* _THE PROBLEM_
Could you output the whole listing exactly as it stands, minus any images?

* _INPUT FOR THIS TASK_
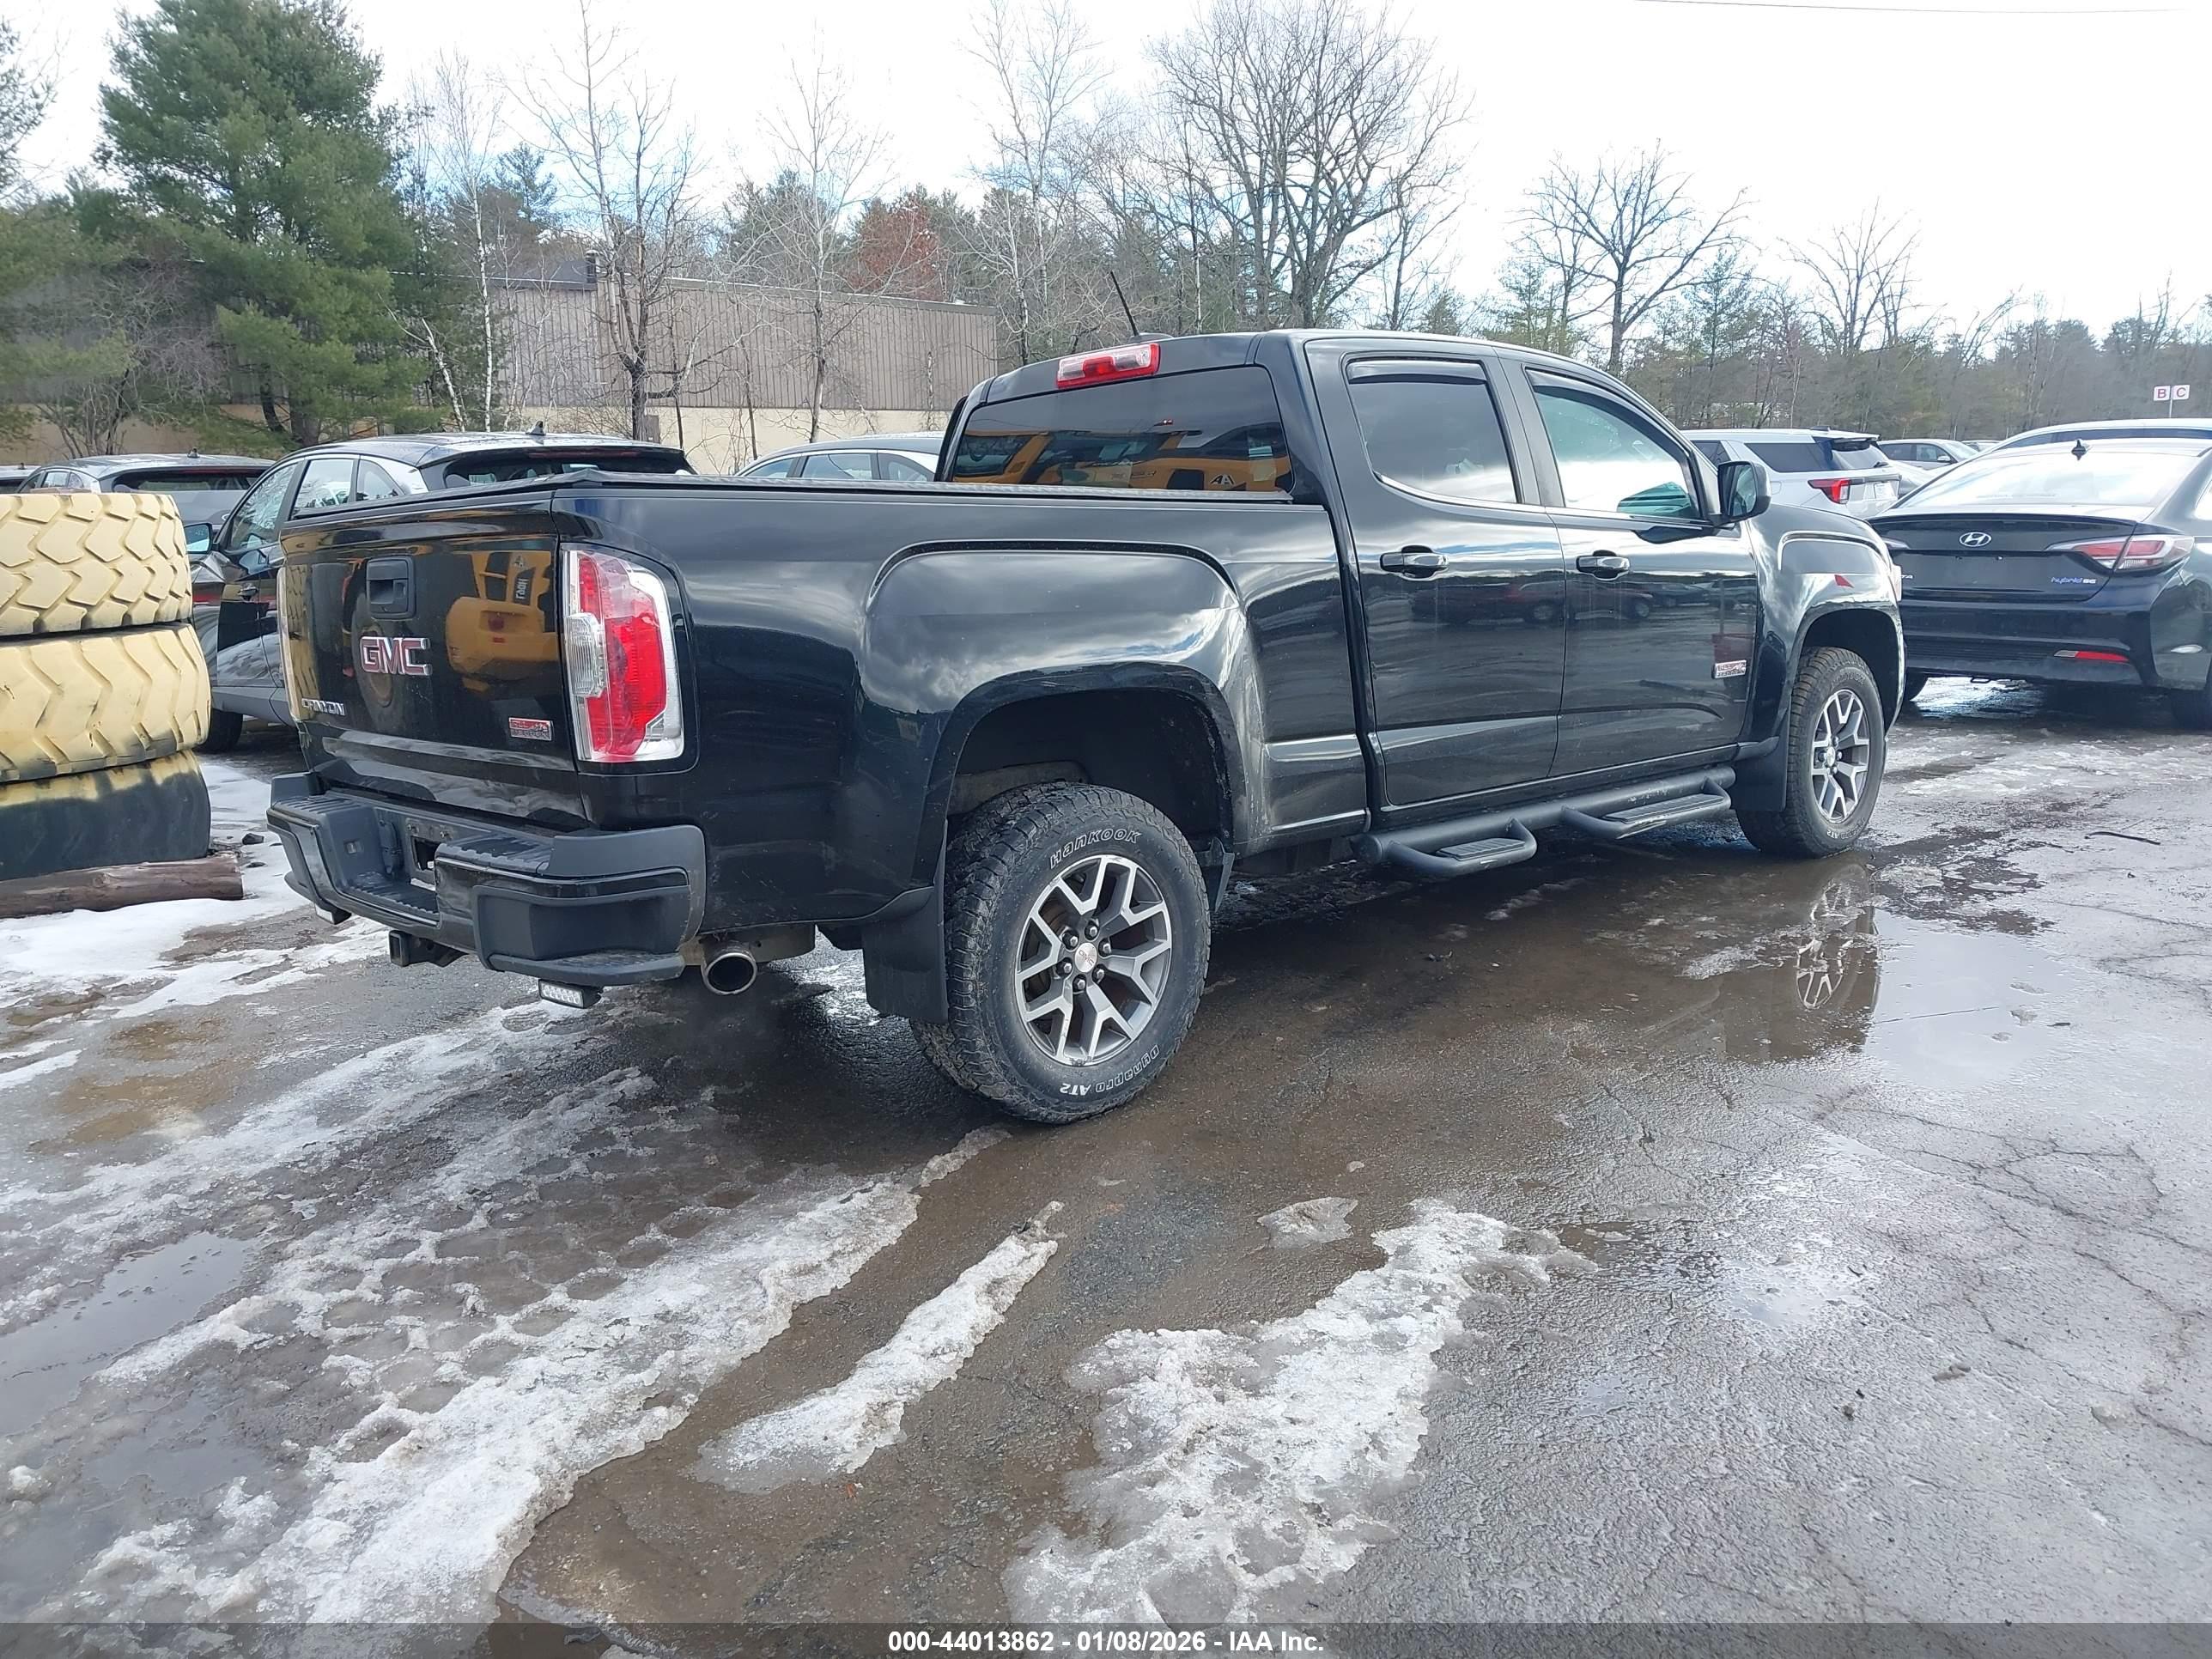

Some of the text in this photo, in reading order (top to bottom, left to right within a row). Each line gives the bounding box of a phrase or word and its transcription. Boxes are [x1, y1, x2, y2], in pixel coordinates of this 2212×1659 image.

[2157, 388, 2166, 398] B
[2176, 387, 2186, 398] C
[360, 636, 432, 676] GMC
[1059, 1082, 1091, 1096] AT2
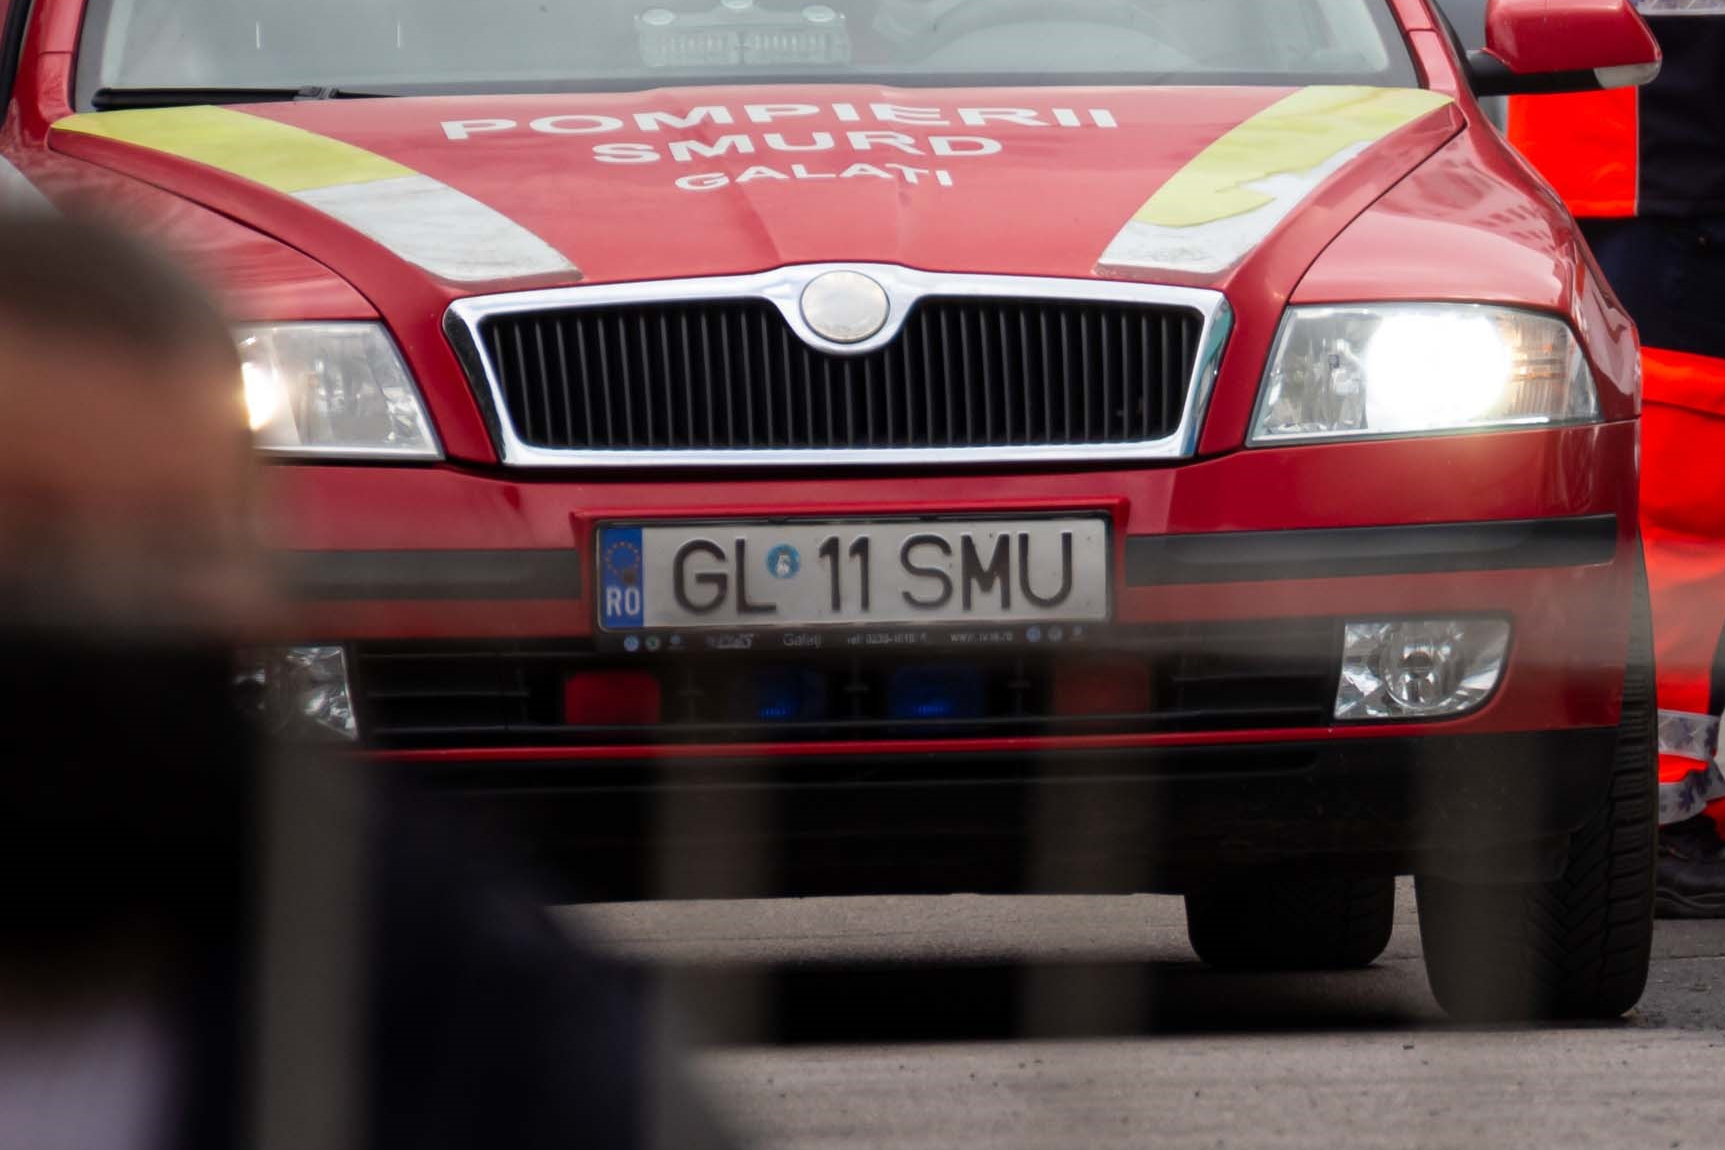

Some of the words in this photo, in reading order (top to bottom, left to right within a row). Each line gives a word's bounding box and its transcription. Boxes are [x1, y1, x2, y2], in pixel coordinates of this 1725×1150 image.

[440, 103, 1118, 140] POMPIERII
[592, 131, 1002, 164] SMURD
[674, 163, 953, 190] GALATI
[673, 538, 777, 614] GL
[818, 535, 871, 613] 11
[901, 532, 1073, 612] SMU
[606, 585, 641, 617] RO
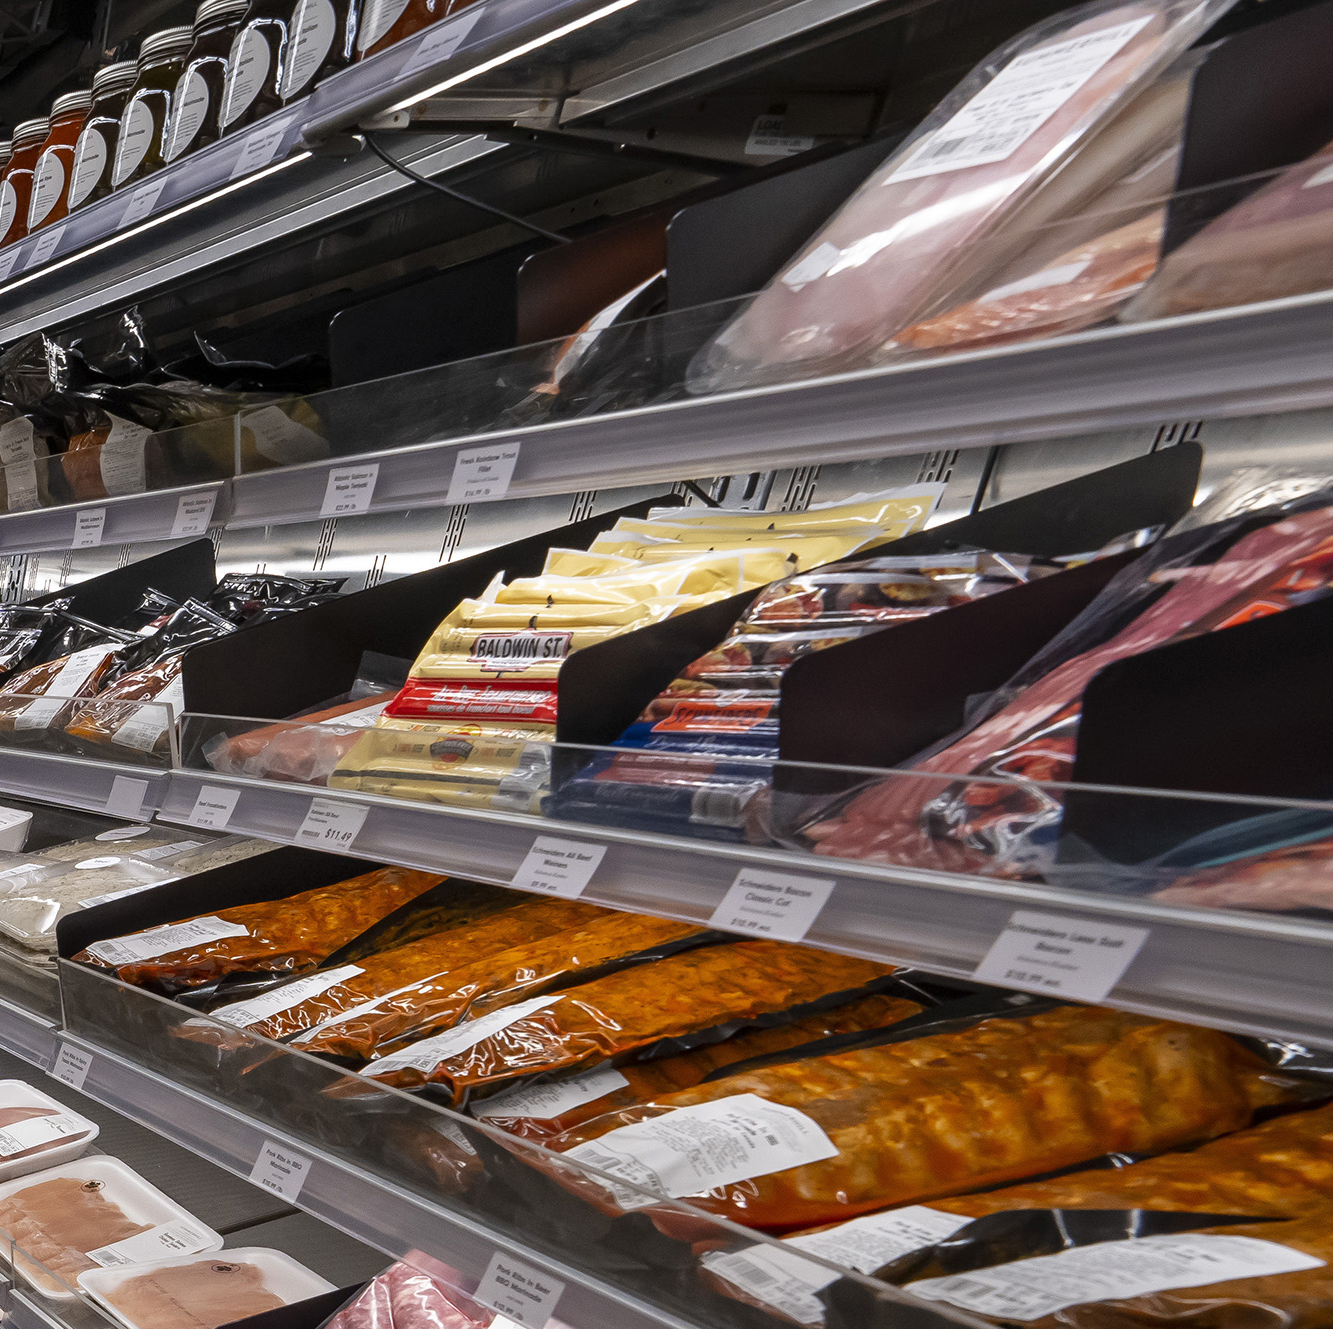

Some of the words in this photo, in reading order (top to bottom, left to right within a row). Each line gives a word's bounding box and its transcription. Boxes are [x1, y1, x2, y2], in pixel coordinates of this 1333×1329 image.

* _TASK RESPONSE_
Some of the text in this photo, in reading order (top to bottom, left to right within a row). Each line gives the bounding box of a phrase or word and its transcription. Boxes are [x1, y1, x2, y2], in pixel coordinates of this 2212×1659 image.

[2157, 388, 2166, 398] B
[2176, 387, 2186, 398] C
[360, 636, 432, 676] GMC
[1059, 1082, 1091, 1096] AT2

Some of the words in this photo, in reading order (top to bottom, left to right within a row). Each line gives a word's bounding box and its transcription. Boxes are [x1, y1, x2, y2], in pixel coordinates of this 1725×1150 image.

[440, 103, 1118, 140] POMPIERII
[592, 131, 1002, 164] SMURD
[674, 163, 953, 190] GALATI
[673, 538, 777, 614] GL
[818, 535, 871, 613] 11
[901, 532, 1073, 612] SMU
[606, 585, 641, 617] RO

Some of the words in this photo, in reading order (top to bottom, left to right within a row). Each line gives a word's bounding box and its transcription. Boxes are [x1, y1, x2, y2], in pixel coordinates of this 1333×1329 image.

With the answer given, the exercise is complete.